— YOUR OBJECTIVE —
Which lines run from the line with "this 1600×900 image." to the end of the entries? Write out exactly those, leaving out the pictures.
Top of LISTED ENTRIES
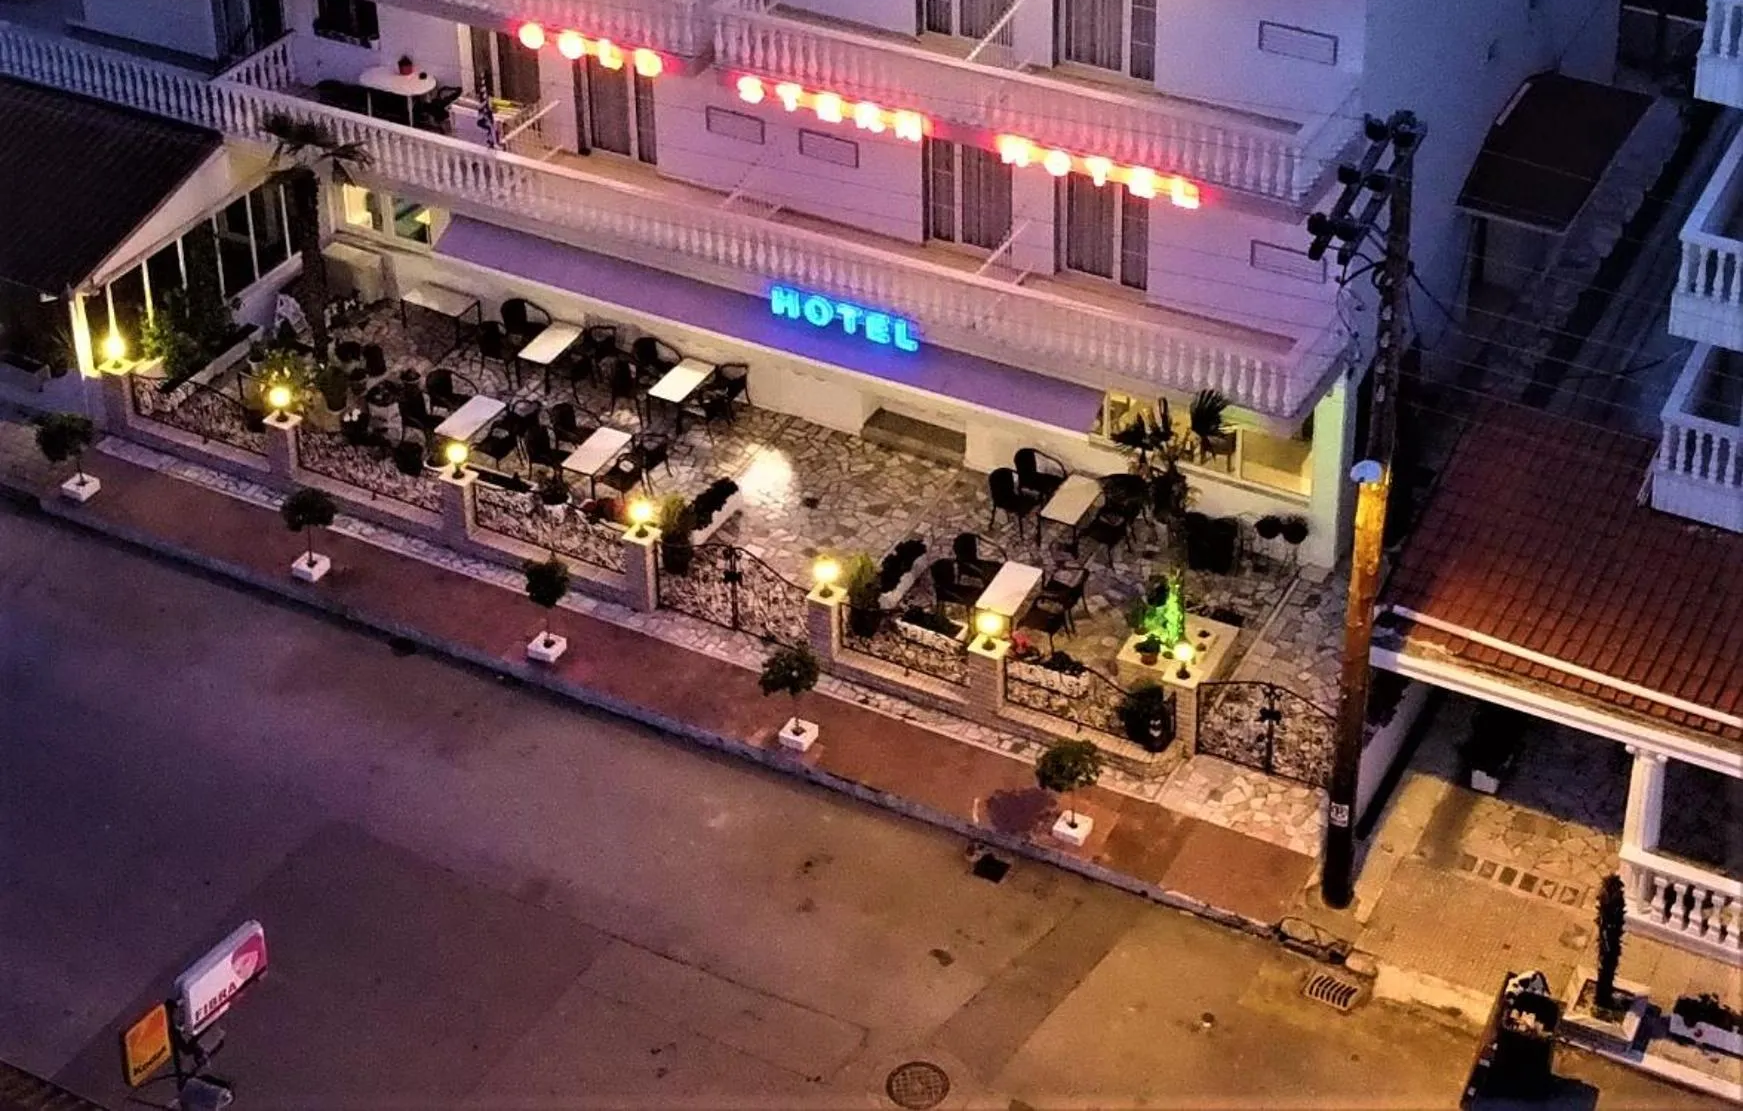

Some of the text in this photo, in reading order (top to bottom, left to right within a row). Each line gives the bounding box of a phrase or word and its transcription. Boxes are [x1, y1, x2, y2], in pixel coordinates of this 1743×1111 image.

[998, 134, 1200, 209] HOTEL
[771, 286, 919, 352] HOTEL
[194, 980, 238, 1021] FIBRA
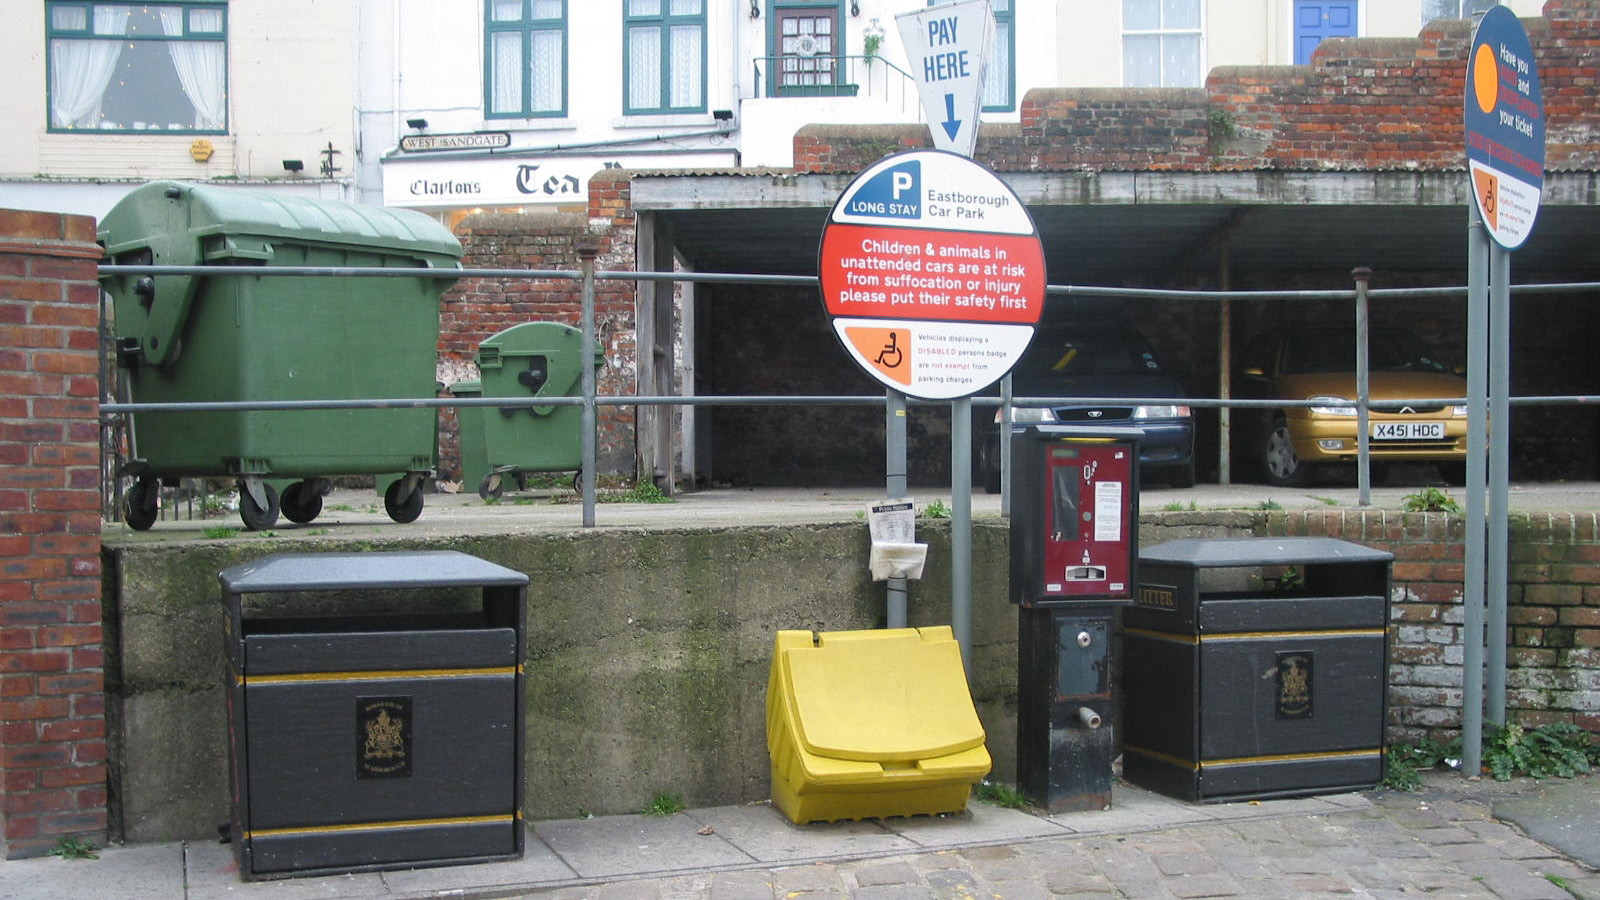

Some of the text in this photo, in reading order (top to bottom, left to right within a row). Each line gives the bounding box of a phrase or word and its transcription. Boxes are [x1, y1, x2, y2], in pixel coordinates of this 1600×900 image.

[928, 16, 958, 47] PAY
[924, 50, 970, 82] HERE
[1500, 42, 1528, 74] Have you
[1518, 78, 1530, 96] and
[1500, 109, 1533, 138] your ticket
[406, 135, 504, 148] WEST SANDGATE
[410, 180, 481, 196] Clayton's
[516, 164, 580, 196] Tea
[892, 172, 912, 200] P
[928, 190, 1009, 208] Eastborough
[852, 202, 918, 216] LONG STAY
[928, 205, 984, 220] Car Park
[862, 239, 1007, 260] Children & animals in
[840, 256, 1026, 277] unattended cars are at risk
[846, 272, 1022, 294] from suffocation or injury
[840, 289, 1028, 310] please put their safety first
[948, 336, 982, 344] displaying
[918, 348, 1007, 358] DISABLED persons badge
[918, 376, 944, 384] parking
[1377, 424, 1440, 437] X451 HDC
[1138, 588, 1174, 606] LITTER
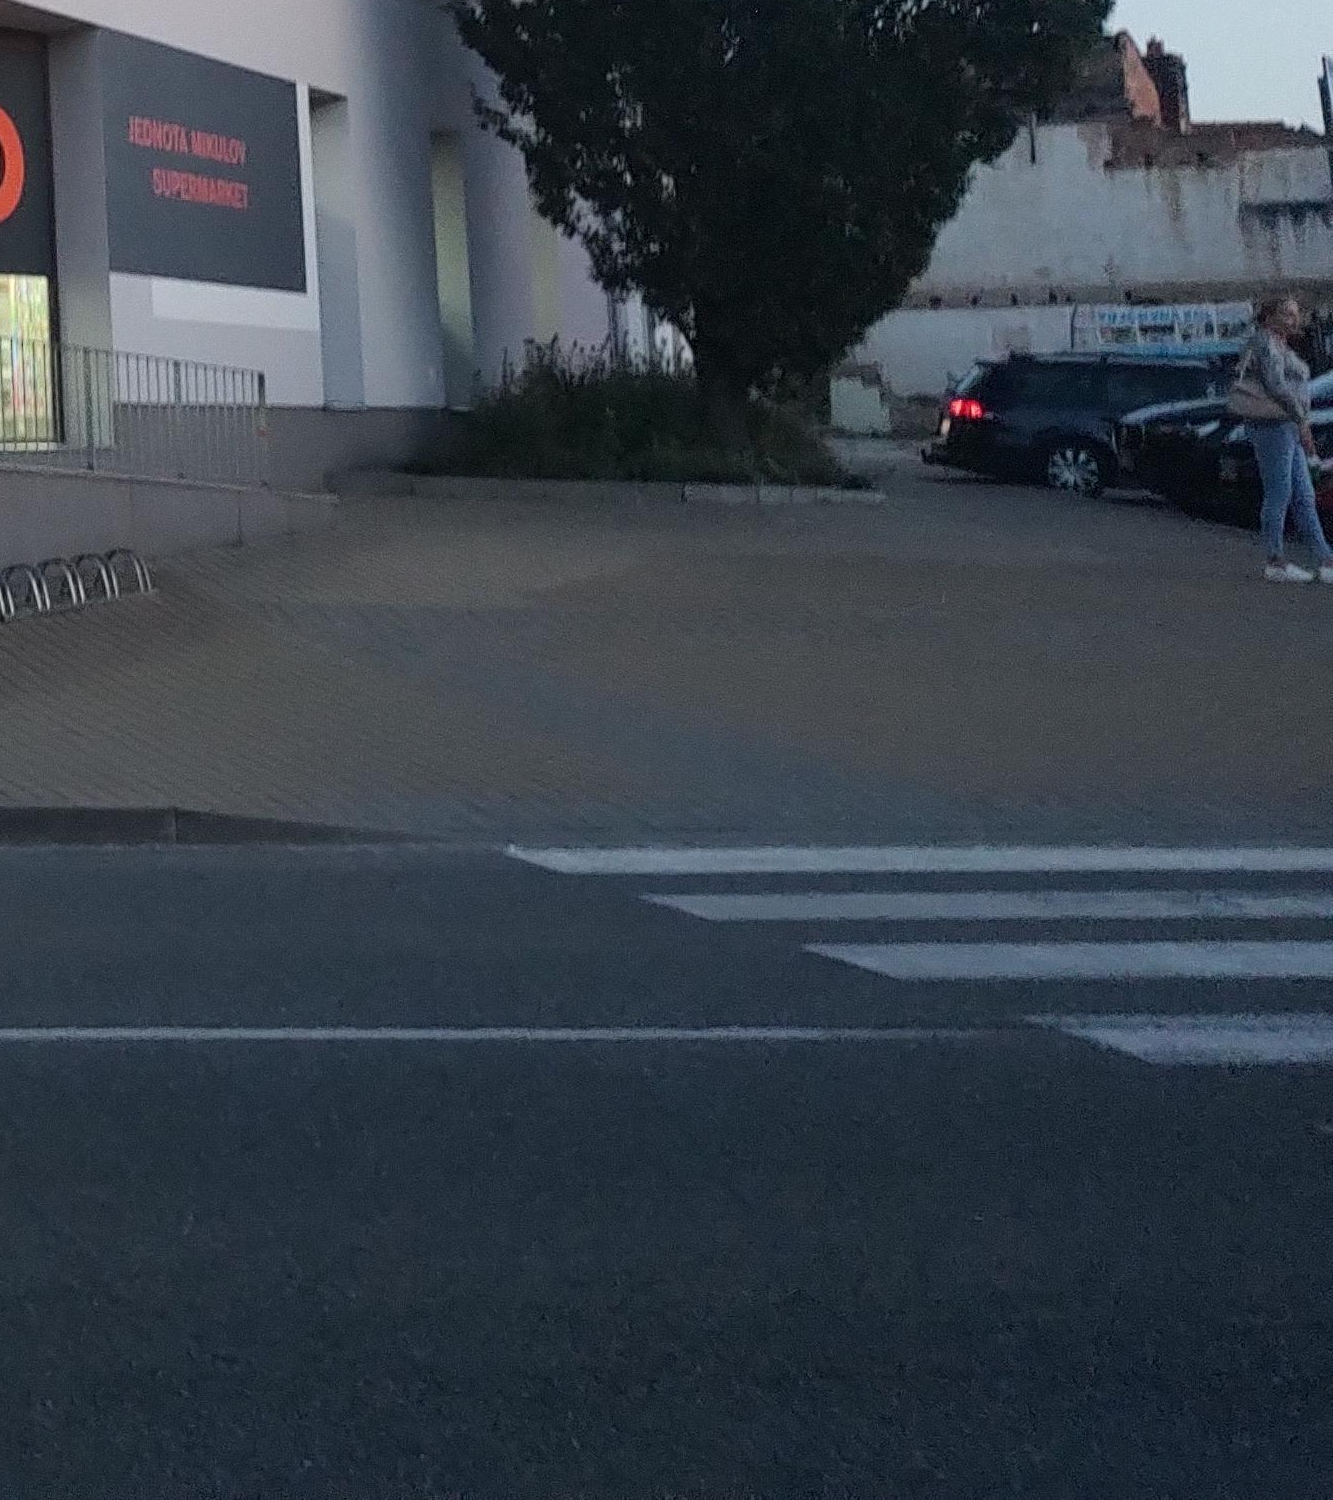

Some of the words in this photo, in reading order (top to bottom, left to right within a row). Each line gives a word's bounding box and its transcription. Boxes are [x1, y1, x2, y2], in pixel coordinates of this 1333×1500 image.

[128, 115, 188, 154] JEDNOTA
[191, 129, 246, 166] MIKULOV
[151, 168, 249, 211] SUPERMARKET
Bottom of LISTED ENTRIES
— SOLUTION FOR THIS PROBLEM —
Some of the text in this photo, in reading order (top to bottom, left to right within a row). Each line gives the bounding box of a phrase or word and its transcription. Boxes are [x1, y1, x2, y2], in pixel coordinates of this 1600×900 image.

[928, 16, 958, 47] PAY
[924, 50, 970, 82] HERE
[1500, 42, 1528, 74] Have you
[1518, 78, 1530, 96] and
[1500, 109, 1533, 138] your ticket
[406, 135, 504, 148] WEST SANDGATE
[410, 180, 481, 196] Clayton's
[516, 164, 580, 196] Tea
[892, 172, 912, 200] P
[928, 190, 1009, 208] Eastborough
[852, 202, 918, 216] LONG STAY
[928, 205, 984, 220] Car Park
[862, 239, 1007, 260] Children & animals in
[840, 256, 1026, 277] unattended cars are at risk
[846, 272, 1022, 294] from suffocation or injury
[840, 289, 1028, 310] please put their safety first
[948, 336, 982, 344] displaying
[918, 348, 1007, 358] DISABLED persons badge
[918, 376, 944, 384] parking
[1377, 424, 1440, 437] X451 HDC
[1138, 588, 1174, 606] LITTER

Some of the words in this photo, in reading order (top to bottom, left to right within a row). Each line gives a word's bounding box and its transcription. Boxes are [x1, y1, x2, y2], in pixel coordinates of this 1333×1500 image.

[128, 115, 188, 154] JEDNOTA
[191, 129, 246, 166] MIKULOV
[151, 168, 249, 211] SUPERMARKET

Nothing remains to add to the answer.